Start of Information supplied
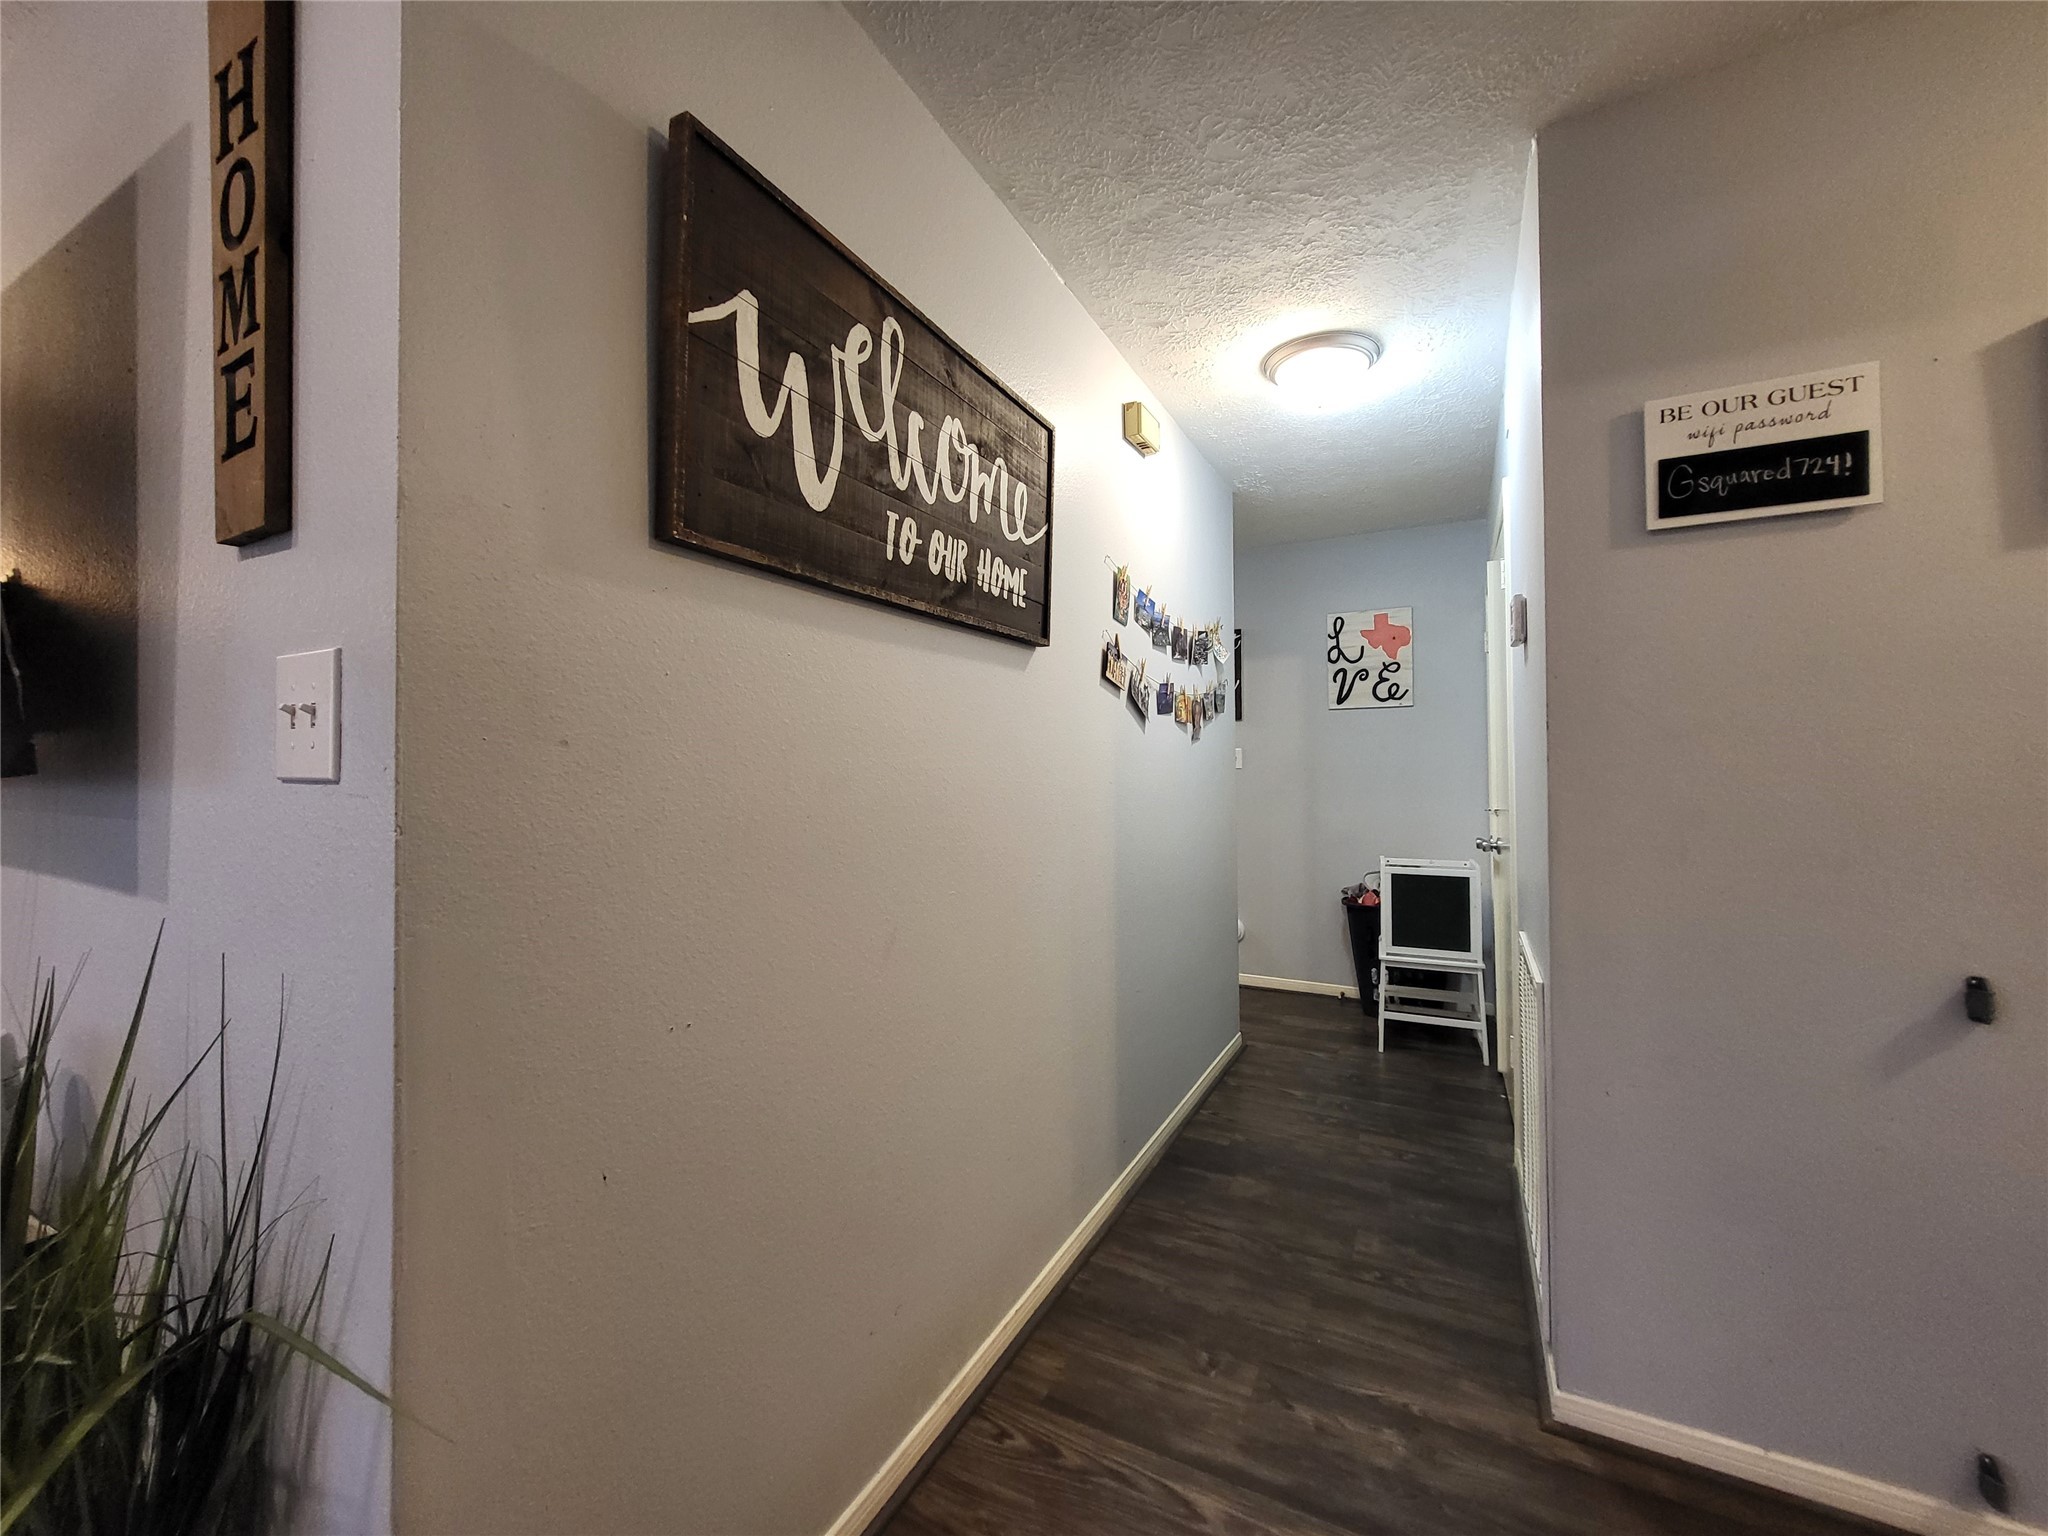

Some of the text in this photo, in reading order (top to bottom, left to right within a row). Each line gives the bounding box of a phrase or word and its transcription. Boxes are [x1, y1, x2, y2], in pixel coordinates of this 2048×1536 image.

[214, 36, 261, 464] HOME
[687, 288, 1050, 546] Welcome
[1659, 374, 1865, 425] BE OUR GUEST
[1686, 400, 1832, 448] wifi password
[886, 510, 1029, 609] TO OUR HOME
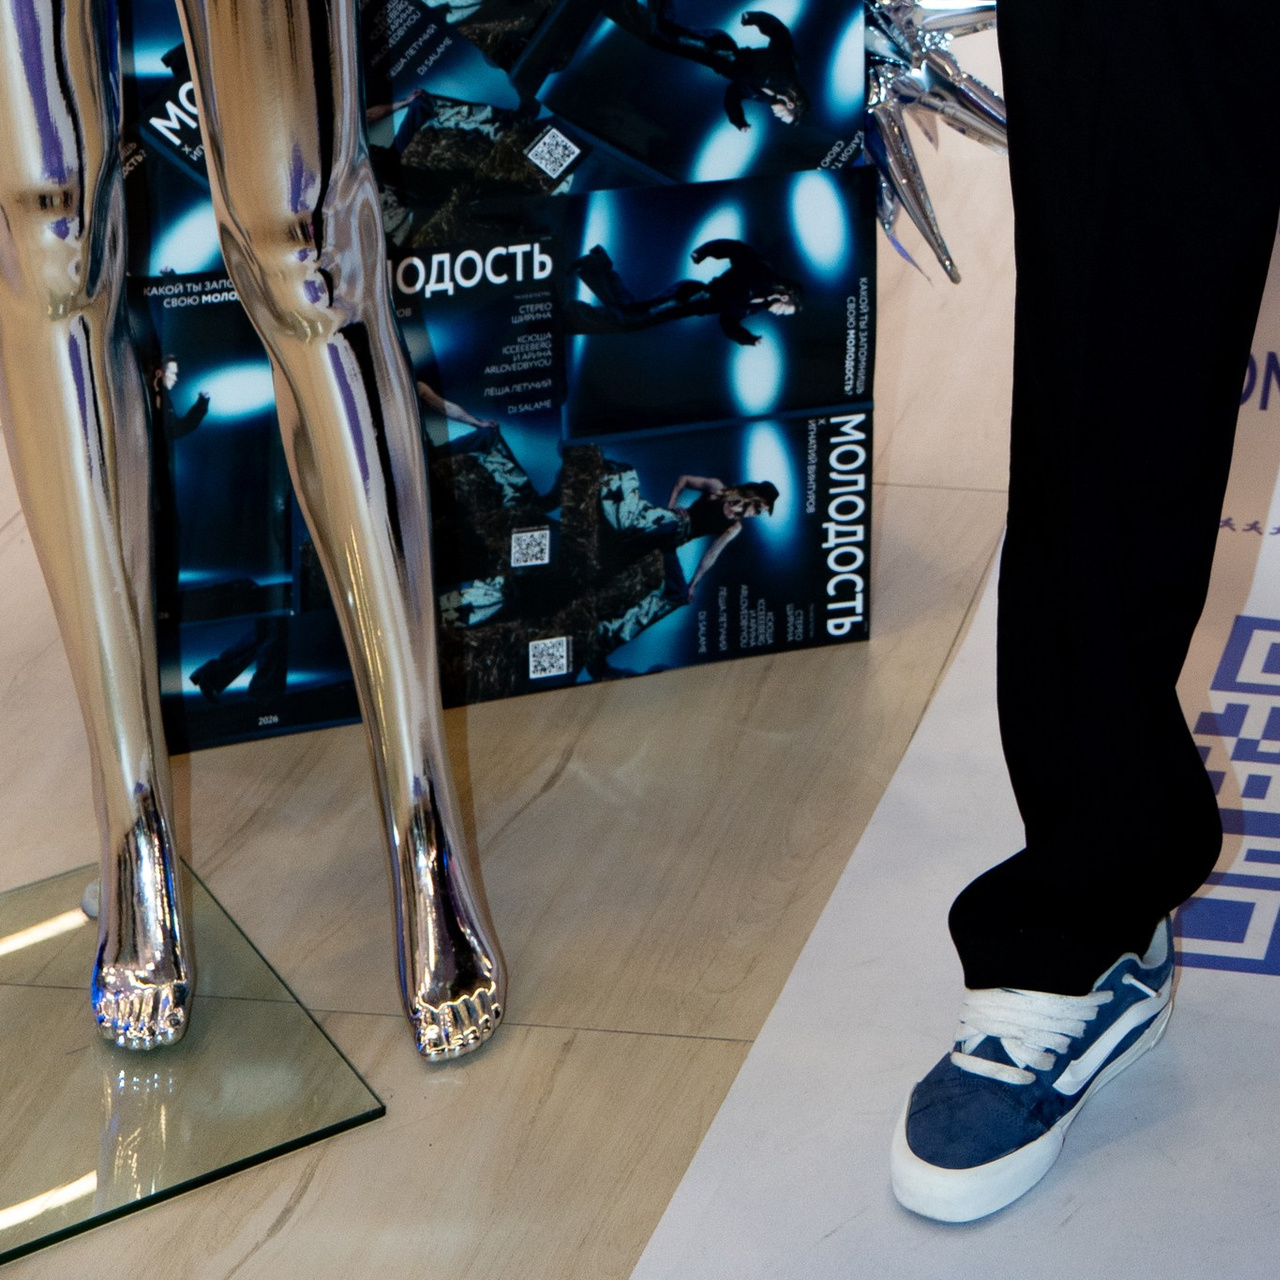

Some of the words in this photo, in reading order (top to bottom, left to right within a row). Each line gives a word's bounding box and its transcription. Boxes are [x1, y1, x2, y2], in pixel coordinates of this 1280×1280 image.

[387, 243, 553, 298] ОДОСТЬ
[143, 283, 183, 296] КАКОЙ
[186, 282, 201, 292] ТЫ
[163, 295, 199, 308] СВОЮ
[201, 291, 240, 304] МОЛО
[822, 413, 867, 636] МОЛОДОСТЬ
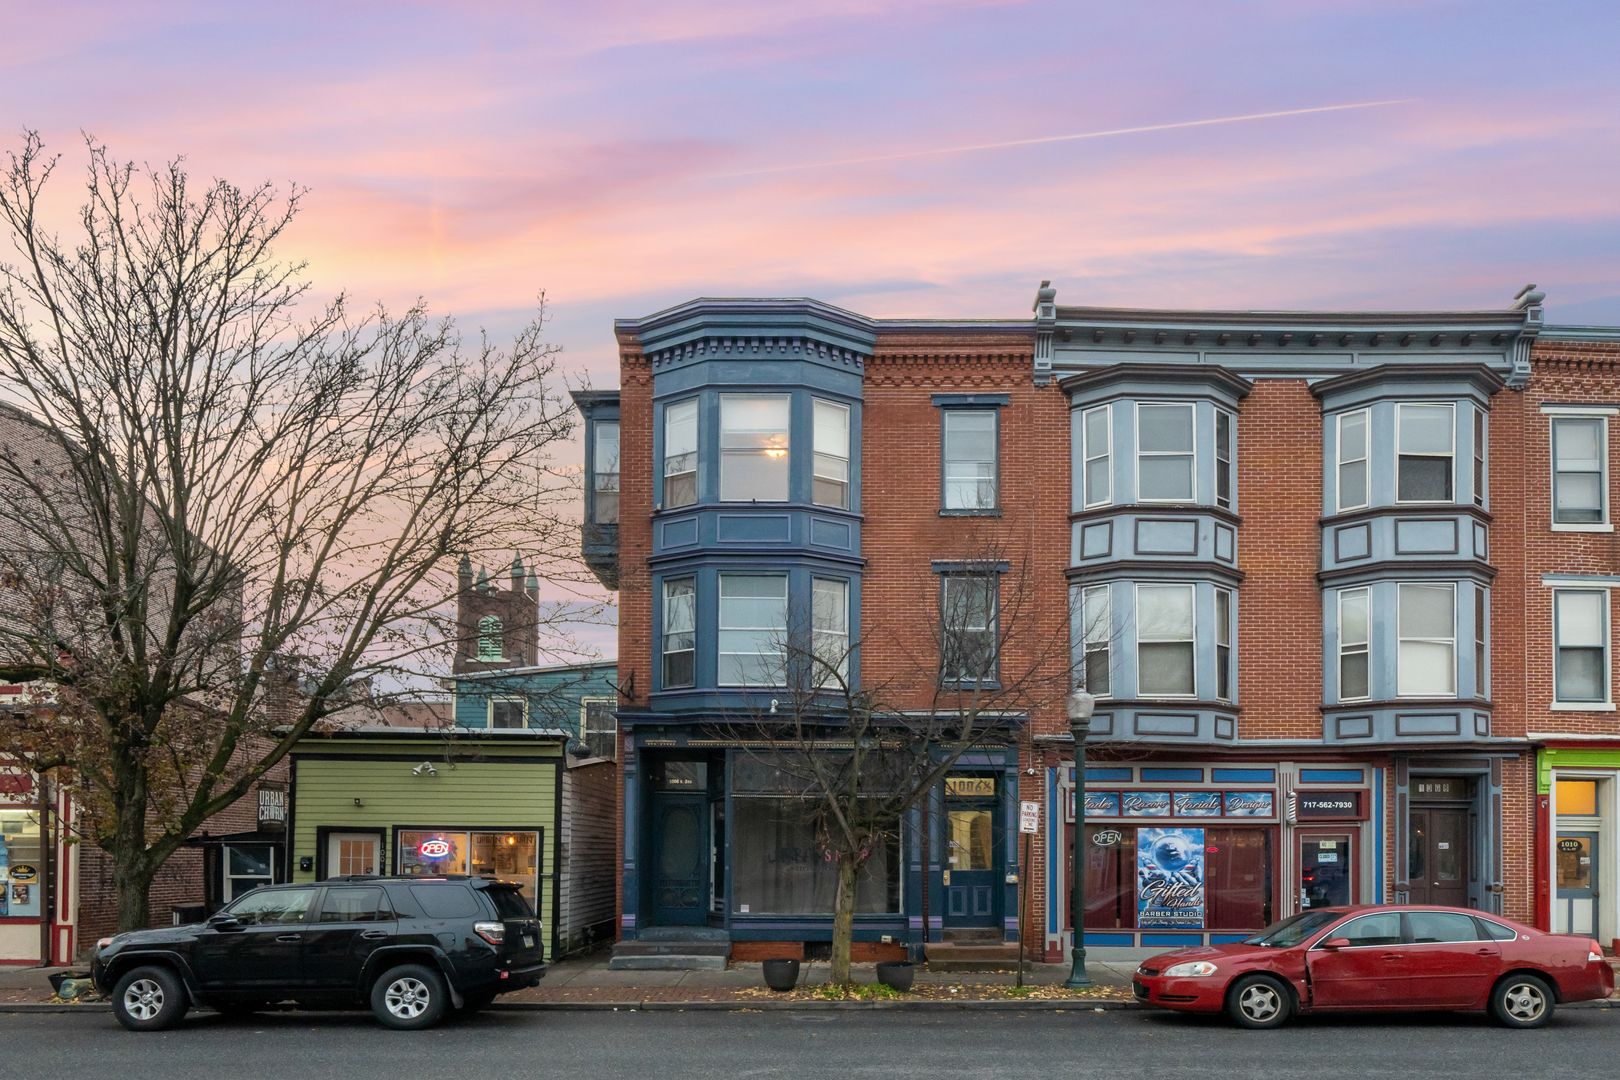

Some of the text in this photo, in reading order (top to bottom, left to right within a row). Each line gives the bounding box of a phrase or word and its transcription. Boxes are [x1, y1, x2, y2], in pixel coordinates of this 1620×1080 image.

[259, 790, 284, 806] URBAN
[1122, 796, 1168, 811] Razors
[1174, 796, 1218, 813] Facials
[1226, 796, 1270, 814] Designs
[1093, 833, 1122, 843] OPEN
[420, 843, 448, 854] OPEN
[1140, 880, 1202, 904] Gifted
[1166, 897, 1201, 908] Hands
End of Information supplied
- _What this task involves_:
Pictures are not part of the copy. Output only the lines from the one with "Some of the words" through the final line of the records, exactly as given.

- _Solution to this exercise_:
Some of the words in this photo, in reading order (top to bottom, left to right within a row). Each line gives a word's bounding box and its transcription. Boxes are [x1, y1, x2, y2], in pixel coordinates of this 1280×1280 image.

[387, 243, 553, 298] ОДОСТЬ
[143, 283, 183, 296] КАКОЙ
[186, 282, 201, 292] ТЫ
[163, 295, 199, 308] СВОЮ
[201, 291, 240, 304] МОЛО
[822, 413, 867, 636] МОЛОДОСТЬ

Some of the text in this photo, in reading order (top to bottom, left to right within a row). Each line gives the bounding box of a phrase or word and its transcription. Boxes are [x1, y1, x2, y2], in pixel coordinates of this 1620×1080 image.

[259, 790, 284, 806] URBAN
[1122, 796, 1168, 811] Razors
[1174, 796, 1218, 813] Facials
[1226, 796, 1270, 814] Designs
[1093, 833, 1122, 843] OPEN
[420, 843, 448, 854] OPEN
[1140, 880, 1202, 904] Gifted
[1166, 897, 1201, 908] Hands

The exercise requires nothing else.